TASK OBJECTIVE => Each record should appear again in the response exactly as it does in the original.
──────── EXERCISE INPUTS ────────
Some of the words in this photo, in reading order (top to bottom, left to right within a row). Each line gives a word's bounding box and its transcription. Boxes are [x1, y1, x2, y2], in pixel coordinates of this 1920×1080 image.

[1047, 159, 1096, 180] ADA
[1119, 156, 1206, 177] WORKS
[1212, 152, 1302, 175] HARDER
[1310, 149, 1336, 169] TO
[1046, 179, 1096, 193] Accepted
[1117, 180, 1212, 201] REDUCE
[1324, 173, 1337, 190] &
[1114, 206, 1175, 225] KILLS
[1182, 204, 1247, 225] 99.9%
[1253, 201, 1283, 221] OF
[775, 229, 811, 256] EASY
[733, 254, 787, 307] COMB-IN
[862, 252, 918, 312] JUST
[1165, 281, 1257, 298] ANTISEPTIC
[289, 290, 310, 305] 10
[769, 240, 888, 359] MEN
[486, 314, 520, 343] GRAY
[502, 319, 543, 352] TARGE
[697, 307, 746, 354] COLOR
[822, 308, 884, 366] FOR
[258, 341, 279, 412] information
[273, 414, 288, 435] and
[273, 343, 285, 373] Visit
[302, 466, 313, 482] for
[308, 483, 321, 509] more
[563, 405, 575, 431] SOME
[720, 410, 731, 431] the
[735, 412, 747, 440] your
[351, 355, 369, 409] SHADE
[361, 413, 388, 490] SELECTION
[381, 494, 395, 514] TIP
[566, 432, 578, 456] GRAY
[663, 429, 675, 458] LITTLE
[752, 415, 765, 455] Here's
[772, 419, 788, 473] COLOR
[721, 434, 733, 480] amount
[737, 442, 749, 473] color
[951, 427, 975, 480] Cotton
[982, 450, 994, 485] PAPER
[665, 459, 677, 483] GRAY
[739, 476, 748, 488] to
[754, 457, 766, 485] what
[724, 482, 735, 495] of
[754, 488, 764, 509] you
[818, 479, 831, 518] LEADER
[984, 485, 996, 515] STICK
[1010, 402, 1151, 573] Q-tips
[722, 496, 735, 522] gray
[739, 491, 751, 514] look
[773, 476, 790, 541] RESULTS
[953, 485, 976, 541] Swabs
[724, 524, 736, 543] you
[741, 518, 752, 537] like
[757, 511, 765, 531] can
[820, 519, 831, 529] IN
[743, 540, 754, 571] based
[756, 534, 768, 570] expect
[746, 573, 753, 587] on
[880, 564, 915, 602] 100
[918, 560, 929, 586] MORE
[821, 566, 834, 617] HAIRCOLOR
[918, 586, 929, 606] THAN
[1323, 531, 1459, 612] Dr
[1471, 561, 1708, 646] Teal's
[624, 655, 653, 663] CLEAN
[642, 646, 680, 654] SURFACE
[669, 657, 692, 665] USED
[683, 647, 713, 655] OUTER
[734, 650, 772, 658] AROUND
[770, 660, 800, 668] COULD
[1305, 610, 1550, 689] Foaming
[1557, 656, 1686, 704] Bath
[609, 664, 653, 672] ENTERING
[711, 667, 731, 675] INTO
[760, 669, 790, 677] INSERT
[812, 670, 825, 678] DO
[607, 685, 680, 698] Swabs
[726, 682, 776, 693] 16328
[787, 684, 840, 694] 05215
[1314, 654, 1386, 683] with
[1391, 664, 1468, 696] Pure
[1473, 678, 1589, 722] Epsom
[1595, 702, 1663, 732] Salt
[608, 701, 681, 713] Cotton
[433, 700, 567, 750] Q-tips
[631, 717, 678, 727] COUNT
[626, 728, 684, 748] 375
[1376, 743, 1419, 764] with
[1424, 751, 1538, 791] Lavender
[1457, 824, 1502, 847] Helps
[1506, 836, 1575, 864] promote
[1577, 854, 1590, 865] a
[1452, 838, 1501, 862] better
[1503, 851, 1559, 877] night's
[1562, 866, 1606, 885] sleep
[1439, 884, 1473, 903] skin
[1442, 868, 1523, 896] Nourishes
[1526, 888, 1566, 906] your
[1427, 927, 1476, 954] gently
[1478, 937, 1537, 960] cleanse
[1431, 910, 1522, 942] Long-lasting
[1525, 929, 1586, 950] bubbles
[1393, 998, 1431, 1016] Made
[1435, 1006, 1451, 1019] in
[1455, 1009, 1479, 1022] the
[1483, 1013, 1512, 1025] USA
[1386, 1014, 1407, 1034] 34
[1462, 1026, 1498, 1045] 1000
────────
ANSWER SECTION =>
Some of the words in this photo, in reading order (top to bottom, left to right within a row). Each line gives a word's bounding box and its transcription. Boxes are [x1, y1, x2, y2], in pixel coordinates of this 1920×1080 image.

[1047, 159, 1096, 180] ADA
[1119, 156, 1206, 177] WORKS
[1212, 152, 1302, 175] HARDER
[1310, 149, 1336, 169] TO
[1046, 179, 1096, 193] Accepted
[1117, 180, 1212, 201] REDUCE
[1324, 173, 1337, 190] &
[1114, 206, 1175, 225] KILLS
[1182, 204, 1247, 225] 99.9%
[1253, 201, 1283, 221] OF
[775, 229, 811, 256] EASY
[733, 254, 787, 307] COMB-IN
[862, 252, 918, 312] JUST
[1165, 281, 1257, 298] ANTISEPTIC
[289, 290, 310, 305] 10
[769, 240, 888, 359] MEN
[486, 314, 520, 343] GRAY
[502, 319, 543, 352] TARGE
[697, 307, 746, 354] COLOR
[822, 308, 884, 366] FOR
[258, 341, 279, 412] information
[273, 414, 288, 435] and
[273, 343, 285, 373] Visit
[302, 466, 313, 482] for
[308, 483, 321, 509] more
[563, 405, 575, 431] SOME
[720, 410, 731, 431] the
[735, 412, 747, 440] your
[351, 355, 369, 409] SHADE
[361, 413, 388, 490] SELECTION
[381, 494, 395, 514] TIP
[566, 432, 578, 456] GRAY
[663, 429, 675, 458] LITTLE
[752, 415, 765, 455] Here's
[772, 419, 788, 473] COLOR
[721, 434, 733, 480] amount
[737, 442, 749, 473] color
[951, 427, 975, 480] Cotton
[982, 450, 994, 485] PAPER
[665, 459, 677, 483] GRAY
[739, 476, 748, 488] to
[754, 457, 766, 485] what
[724, 482, 735, 495] of
[754, 488, 764, 509] you
[818, 479, 831, 518] LEADER
[984, 485, 996, 515] STICK
[1010, 402, 1151, 573] Q-tips
[722, 496, 735, 522] gray
[739, 491, 751, 514] look
[773, 476, 790, 541] RESULTS
[953, 485, 976, 541] Swabs
[724, 524, 736, 543] you
[741, 518, 752, 537] like
[757, 511, 765, 531] can
[820, 519, 831, 529] IN
[743, 540, 754, 571] based
[756, 534, 768, 570] expect
[746, 573, 753, 587] on
[880, 564, 915, 602] 100
[918, 560, 929, 586] MORE
[821, 566, 834, 617] HAIRCOLOR
[918, 586, 929, 606] THAN
[1323, 531, 1459, 612] Dr
[1471, 561, 1708, 646] Teal's
[624, 655, 653, 663] CLEAN
[642, 646, 680, 654] SURFACE
[669, 657, 692, 665] USED
[683, 647, 713, 655] OUTER
[734, 650, 772, 658] AROUND
[770, 660, 800, 668] COULD
[1305, 610, 1550, 689] Foaming
[1557, 656, 1686, 704] Bath
[609, 664, 653, 672] ENTERING
[711, 667, 731, 675] INTO
[760, 669, 790, 677] INSERT
[812, 670, 825, 678] DO
[607, 685, 680, 698] Swabs
[726, 682, 776, 693] 16328
[787, 684, 840, 694] 05215
[1314, 654, 1386, 683] with
[1391, 664, 1468, 696] Pure
[1473, 678, 1589, 722] Epsom
[1595, 702, 1663, 732] Salt
[608, 701, 681, 713] Cotton
[433, 700, 567, 750] Q-tips
[631, 717, 678, 727] COUNT
[626, 728, 684, 748] 375
[1376, 743, 1419, 764] with
[1424, 751, 1538, 791] Lavender
[1457, 824, 1502, 847] Helps
[1506, 836, 1575, 864] promote
[1577, 854, 1590, 865] a
[1452, 838, 1501, 862] better
[1503, 851, 1559, 877] night's
[1562, 866, 1606, 885] sleep
[1439, 884, 1473, 903] skin
[1442, 868, 1523, 896] Nourishes
[1526, 888, 1566, 906] your
[1427, 927, 1476, 954] gently
[1478, 937, 1537, 960] cleanse
[1431, 910, 1522, 942] Long-lasting
[1525, 929, 1586, 950] bubbles
[1393, 998, 1431, 1016] Made
[1435, 1006, 1451, 1019] in
[1455, 1009, 1479, 1022] the
[1483, 1013, 1512, 1025] USA
[1386, 1014, 1407, 1034] 34
[1462, 1026, 1498, 1045] 1000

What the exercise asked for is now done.